Court told luxury yacht had ‘more hits than Elvis Presley’
THE skipper who was drunk and had sex with a stewardess while taking a luxury boat from Brisbane to the Gold Coast "looked like death" the morning after the vessel collided with boats and ran aground, a court has been told.
Cheya Veronica Handley, 26, pleaded not guilty in the Southport Magistrates Court to two counts of risking the safety of a person or commercial vessel.
Prosecutor Jeffrey Hunter told the court the Crystal Blue was involved in a number of marine incidents between Brisbane and the Gold Coast on March 3 last year.
Jeremy Piggott, also known as JJ, was skipper and Handley was the stewardess when the boat ran into another vessel, a channel marker, ran aground and drifted in circles, the court was told.
"The skipper was heavily intoxicated and so was Handley," Mr Hunter said.
"There was a period of time where the two were engaged in sexual intercourse."
Piggott, 46, pleaded guilty in August to two counts of master recklessly contravening his duty to ensure safety of vessels, marine safety equipment or operations.
He was fined $4000 and placed on a good behaviour bond for two years.
The pair were bringing the luxury boat back from a four hour charter in Brisbane where guests had partied with topless waitresses.
The former owner of Crystal Blue Grant Wharington said he ordered Piggott to the moored luxury yacht at Marina Mirage after noticing a number of scratches on both sides of the boat on the day after the incident.
"(Piggott) looked like death, he looked like he had a huge hangover," he said.
"All he said to me was, 'I thought we might have hit something'."
Mr Wharington said the boat looked like it had "more hits than Elvis Presley".
He told the court he spoke to Handley about her talking to Marine Safety Queensland investigators about what happened that night.
"It would have been pretty obvious that we wanted to know what had gone on," he said.
"She knew we really liked her working for the business, we wanted her back but we weren't going to make it easy.
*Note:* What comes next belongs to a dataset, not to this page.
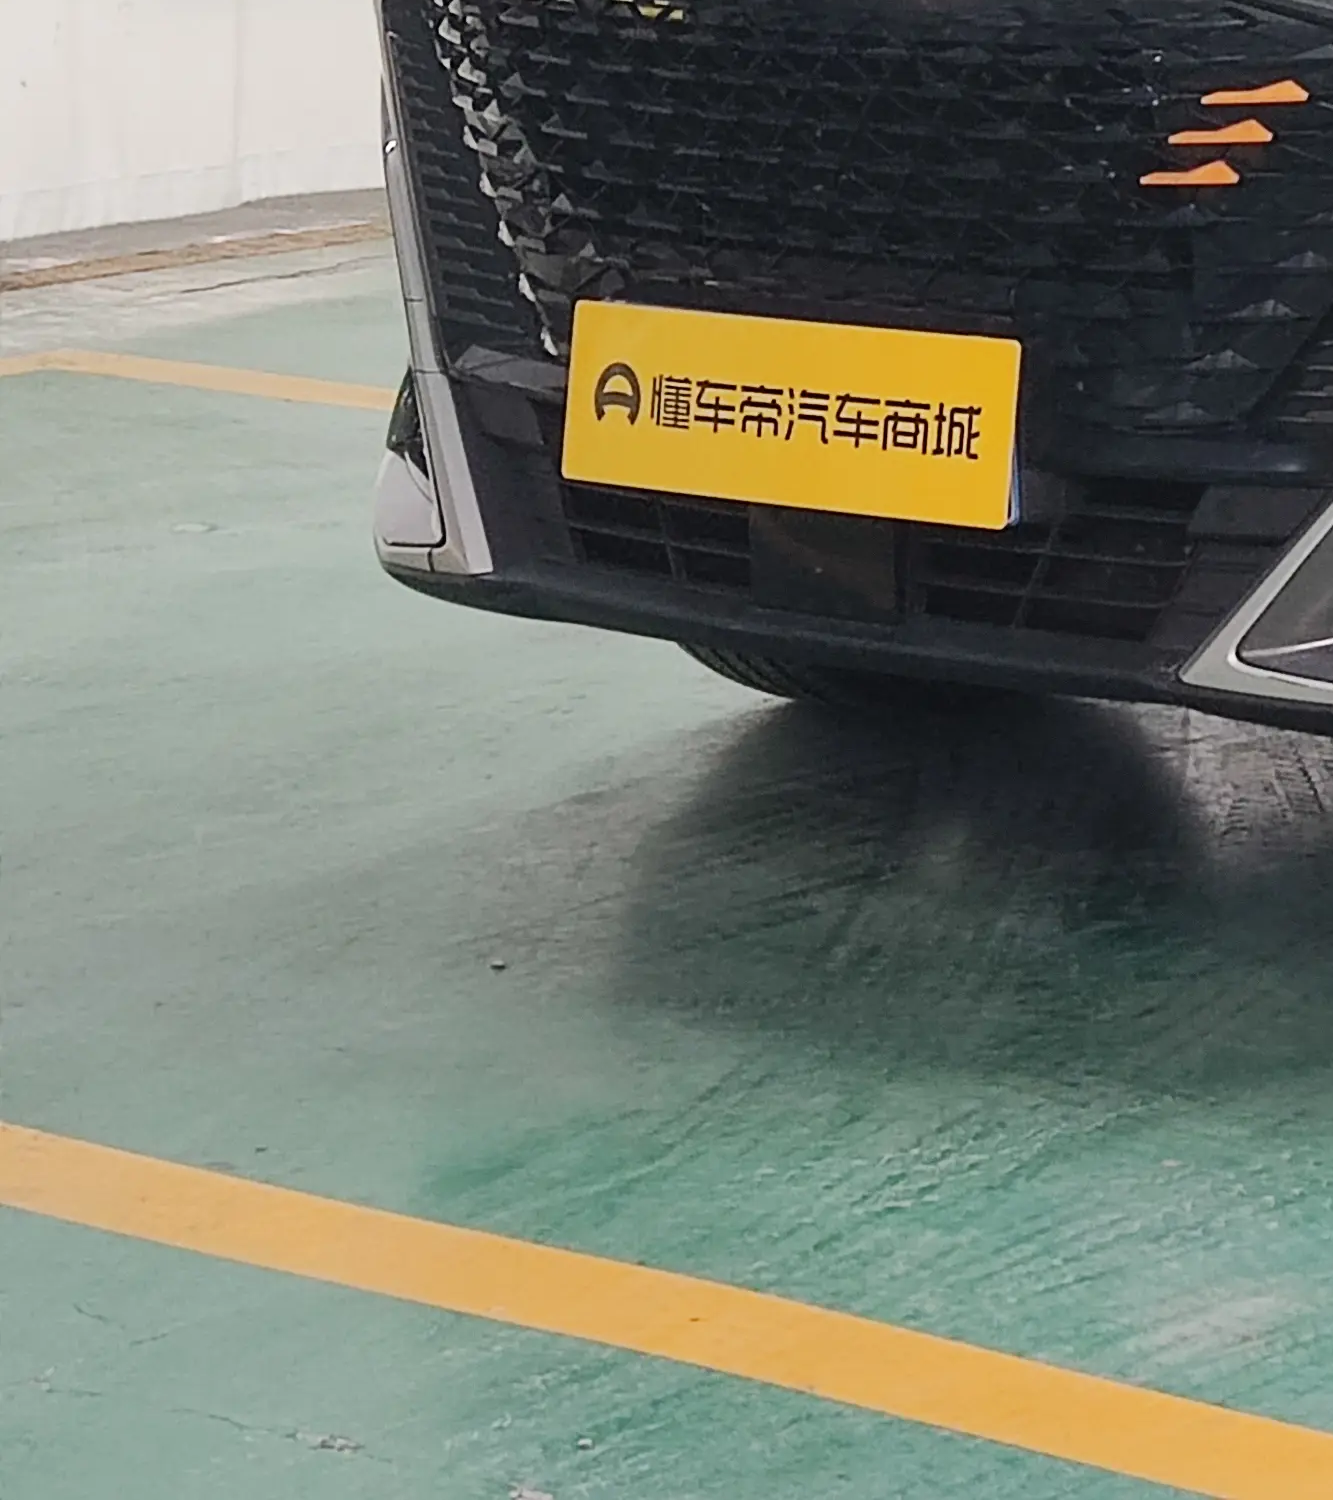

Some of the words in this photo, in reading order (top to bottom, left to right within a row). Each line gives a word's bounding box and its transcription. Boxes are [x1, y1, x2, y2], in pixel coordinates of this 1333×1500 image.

[650, 373, 982, 460] 懂车帝汽车商城
It would have been pretty easy (to know) what we wanted."
Mr Wharington said MSQ marine officer Steven Knowles told him Handley's statement was needed and it would be good for her.
"(Mr Knowles) said to me that their intention would be to give her a slap on the wrist," he said.
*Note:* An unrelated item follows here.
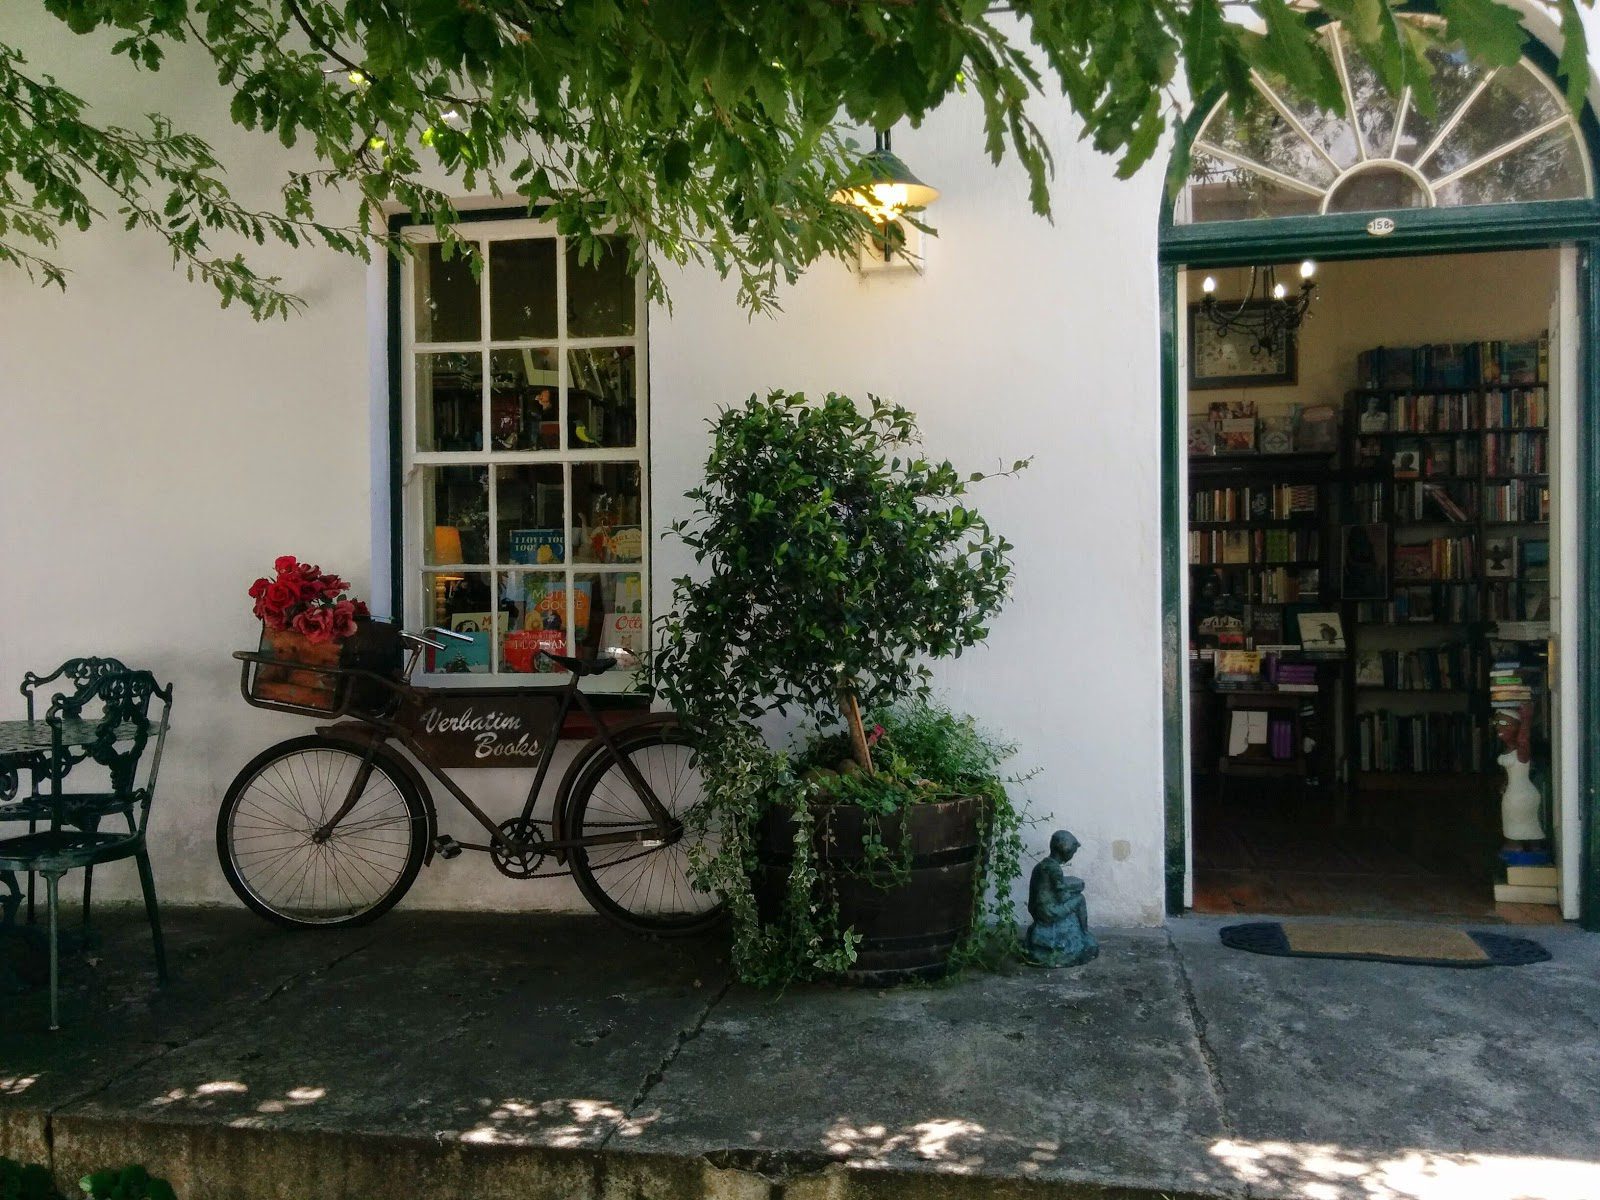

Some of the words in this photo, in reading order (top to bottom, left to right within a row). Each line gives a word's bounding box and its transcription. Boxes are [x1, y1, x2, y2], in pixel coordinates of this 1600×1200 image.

[1373, 220, 1390, 231] 158
[420, 706, 522, 733] Verbatim
[474, 731, 542, 759] Books
In the interview with Mr Knowles, which was played to the court, Handley said the vessel grounded multiple times during the night. She said just before 3am she went onto the bow with Piggott where they had sex while the boat was adrift.
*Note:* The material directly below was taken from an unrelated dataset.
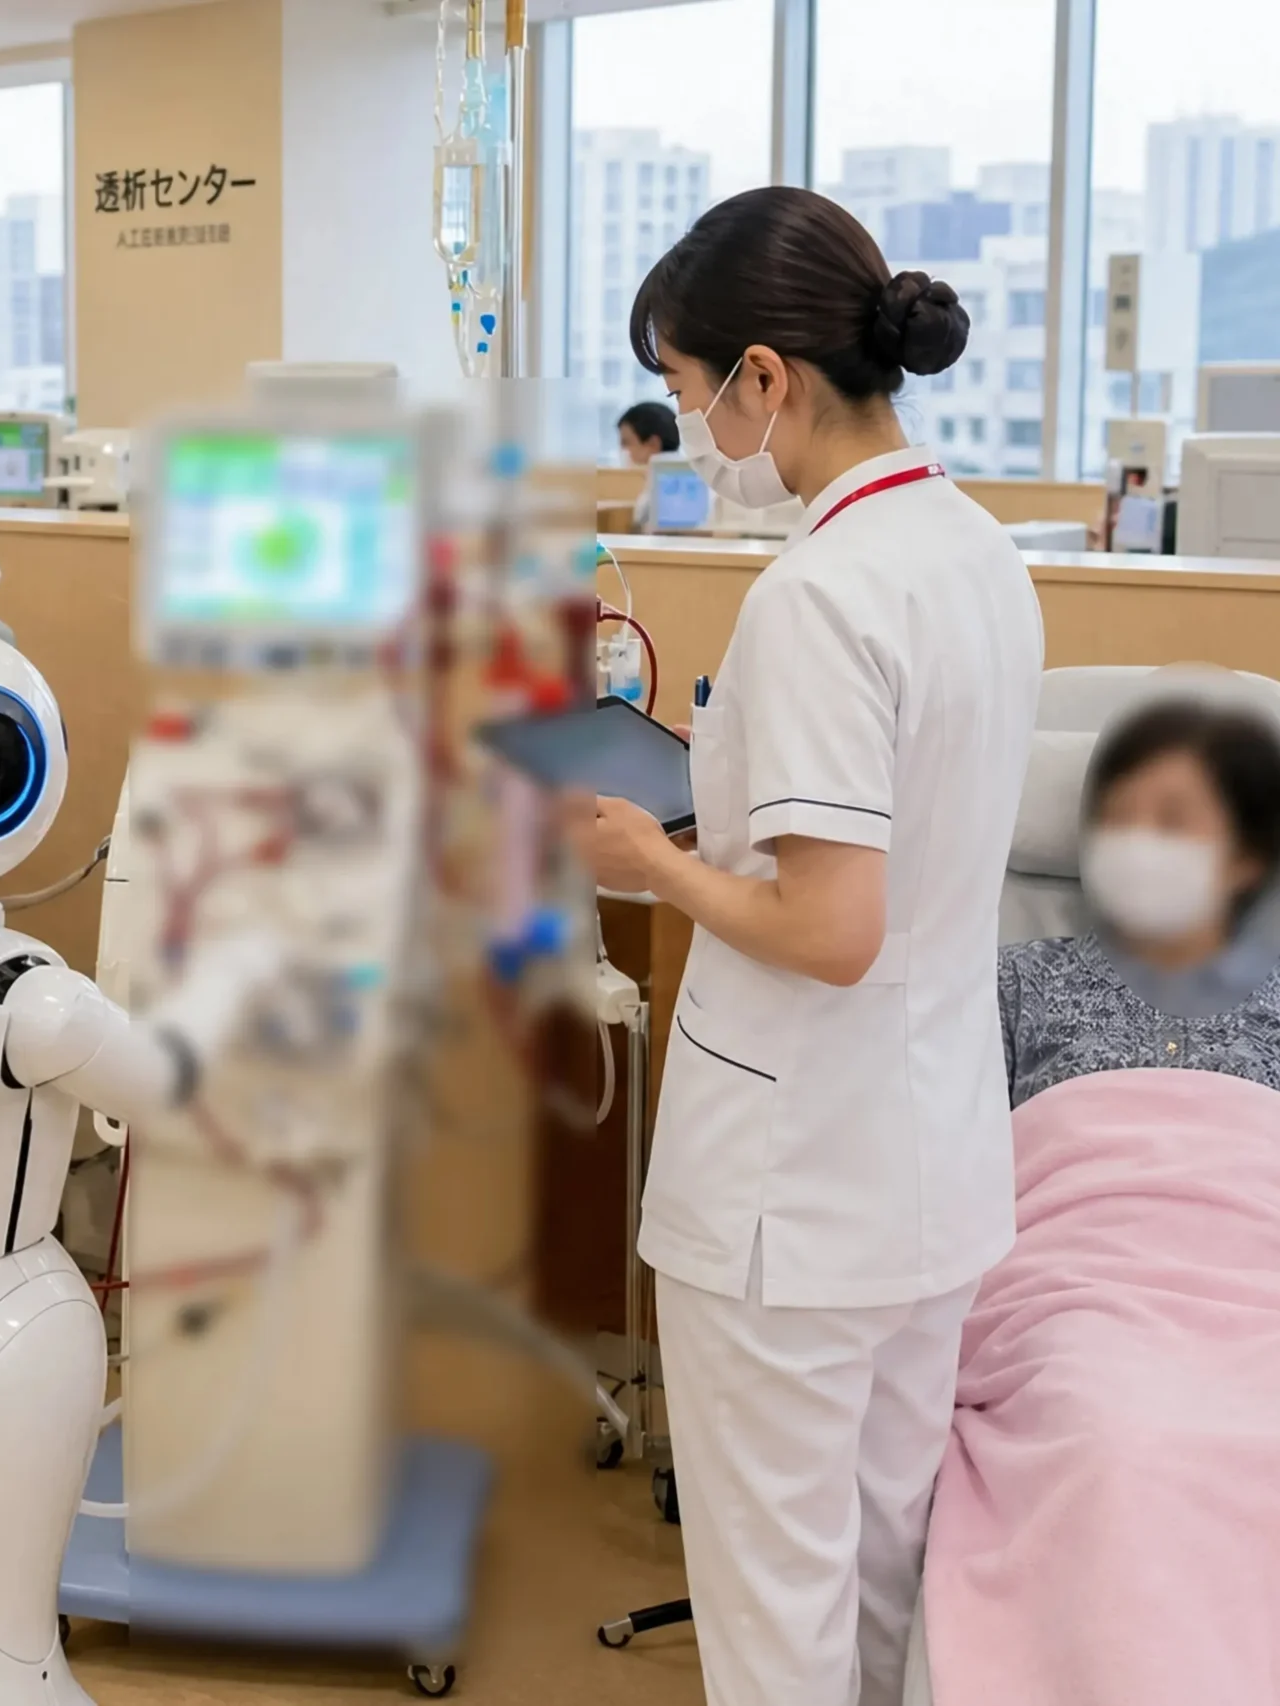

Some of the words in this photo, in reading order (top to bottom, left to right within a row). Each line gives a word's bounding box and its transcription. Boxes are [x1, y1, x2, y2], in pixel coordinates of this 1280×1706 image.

"He was using the remote (to drive the boat) while you guys were being intimate?" Mr Knowles asked. "Yes," Handley replied.
Handley said in the interview the collisions did not happen while the pair were having sex.
The court was told the owner found an empty bottle of vodka on the Crystal Blue the next day.
"I doubt we had that whole bottle and it could have possibly been from the charter," Handley said.
She also told Mr Knowles she had four or five vodkas when the boat hit the moored vessel minutes after hitting the channel marker.
She said JJ did not stop and she did not know why he did not stop.
Handley later told the court she felt coerced by her boss to do the interview with marine officials.
Handley said her boss, Mr Wharington, told her she needed to talk to marine investigators to keep her job.
"I felt pressured and coerced into it," she said.
When asked by defence barrister David Funch, instructed by Howden Saggers Lawyers, who she felt coerced by, she replied her boss, Mr Wharington.
Handley said she had been told she lost her job and she thought by giving the interview she might get her job back.
"I wanted my job back and I got told the interview was nothing to do with me and it was do with a case against JJ and so I could get my job back," she said.
Under cross examination by prosecutor Jeffery Hunter, Handley told the court she only had two conversations with Mr Wharington about doing the interview.
Handley also told the court her other boss David Fisher also encouraged her to do an interview with marine officials.
The trial continues.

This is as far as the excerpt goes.